Andrés Malamud
Investigador Principal, Universidad de Lisboa
Hasta 2016 el régimen venezolano era un caso de autoritarismo competitivo: la oposición podía presentarse a elecciones pero se enfrentaba a un campo de juego trucado. Sin embargo, la negativa del presidente Maduro a convocar un referéndum revocatorio en el mes de octubre y su desconocimiento de las competencias parlamentarias retiró el adjetivo “competitivo” de la fórmula. Venezuela es ya una autocracia.
Los regímenes políticos pueden cambiar rápido, pero los aparatos estatales se construyen gradualmente. Y, en Venezuela, lo que se colapsó fue el Estado
Ahora bien, lejos de ser algo coyuntural o ligado al régimen actual, el problema es más grave. Los regímenes políticos pueden cambiar rápido, pero los aparatos estatales se construyen gradualmente. Y, en Venezuela, lo que se colapsó fue el Estado.

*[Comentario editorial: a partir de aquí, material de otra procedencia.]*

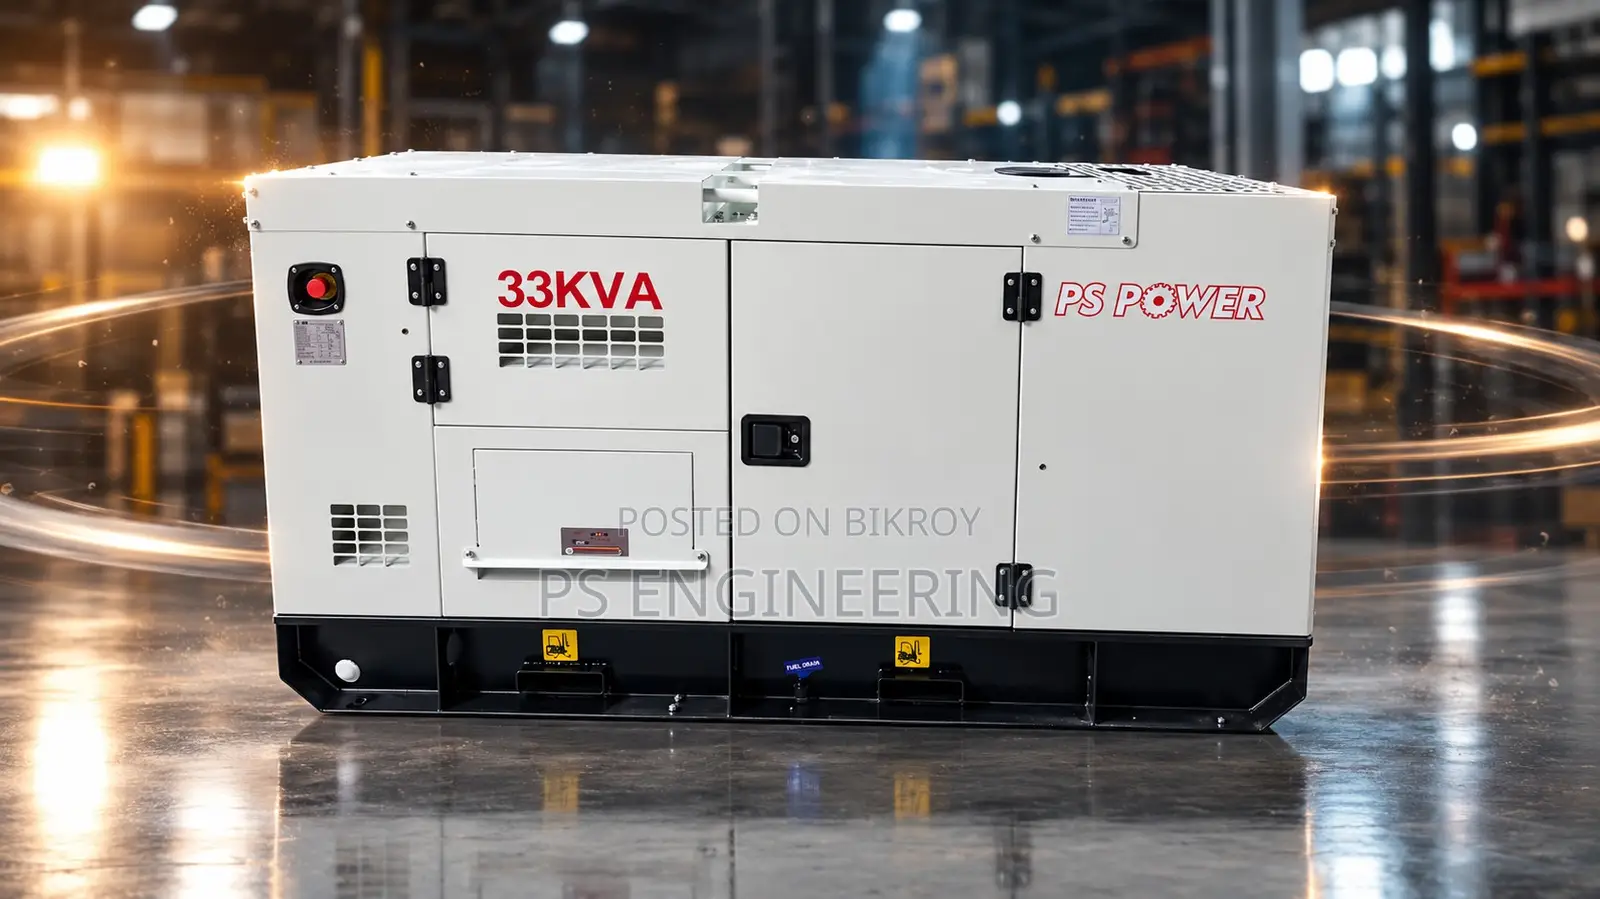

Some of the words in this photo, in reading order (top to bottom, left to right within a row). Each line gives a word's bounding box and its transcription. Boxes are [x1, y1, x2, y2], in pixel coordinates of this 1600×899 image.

[497, 269, 663, 310] 33KVA
[1054, 281, 1107, 317] PS
[1113, 282, 1266, 320] POWER

Cierto es que el 95% de las exportaciones venezolanas se compone de petróleo y sus derivados. Sin embargo, la tragedia económica no obedece a los bajos precios internacionales, sino a la destrucción de la infraestructura de extracción y refinación. Venezuela es el único miembro de la OPEP que no ahorró durante el boom petrolero. Y, además, es el que tuvo peor desempeño, siendo el único cuya actividad productiva se contrajo.
Por otro lado, Venezuela importa dos tercios de los bienes que consume, incluyendo alimentos y medicina. Una inflación del 700% anual terminó por desestructurar lo que quedaba del orden socioeconómico. Por eso, la catástrofe petrolera ha derivado en una emergencia humanitaria. Hambrunas, desnutrición y enfermedades han disparado la mortalidad. La descomposición social se manifiesta también en la tasa de homicidios; con cerca de 29.000 asesinatos en 2016 y una tasa de más de 91 muertes violentas cada 100.000 habitantes, ya es el segundo país sin guerra más violento del mundo.
La disolución del orden político, más que el autoritarismo, ha hecho a los observadores externos escépticos sobre las perspectivas de democratización. Si lo que falla es el motor (el Estado), cambiar de conductor (el gobierno) no va a poner el auto en marcha. Por eso dos de las tres potencias extranjeras con mayor influencia en Venezuela — Estados Unidos y el Vaticano—, apoyaron el diálogo entre el gobierno y la oposición; no para promover la democratización, sino más bien el statu quo, entendiendo quizá que las alternativas en el horizonte son peores: a izquierda, la caída del régimen podría derivar en anarquía y más violencia; a derecha, su militarización implicaría dictadura y, también, más violencia. En el análisis de Washington y Ciudad del Vaticano, Maduro es el mal menor.
Otros actores externos tienen cada vez menos peso. Cuba sigue siendo el principal sustentador del régimen bolivariano, pero Raúl Castro priorizó el deshielo con Estados Unidos y la pacificación de Colombia a la profundización de la revolución bolivariana. Por su parte, Colombia necesita estabilidad en sus fronteras con independencia del régimen político de los vecinos. Y Brasil, ofuscado por su propia crisis interna, está desaparecido de la región y del mundo.
Bolivia mantiene hoy la concordia social y el crecimiento económico mientras Venezuela se agrieta y se empobrece. Lo que falló, entonces, no fue el giro a la izquierda ni la viabilidad de los estados sudamericanos sino una fórmula específica, la de Chávez y Maduro. La única certeza es que la situación venezolana va a empeorar antes de mejorar —y esta es la mirada optimista.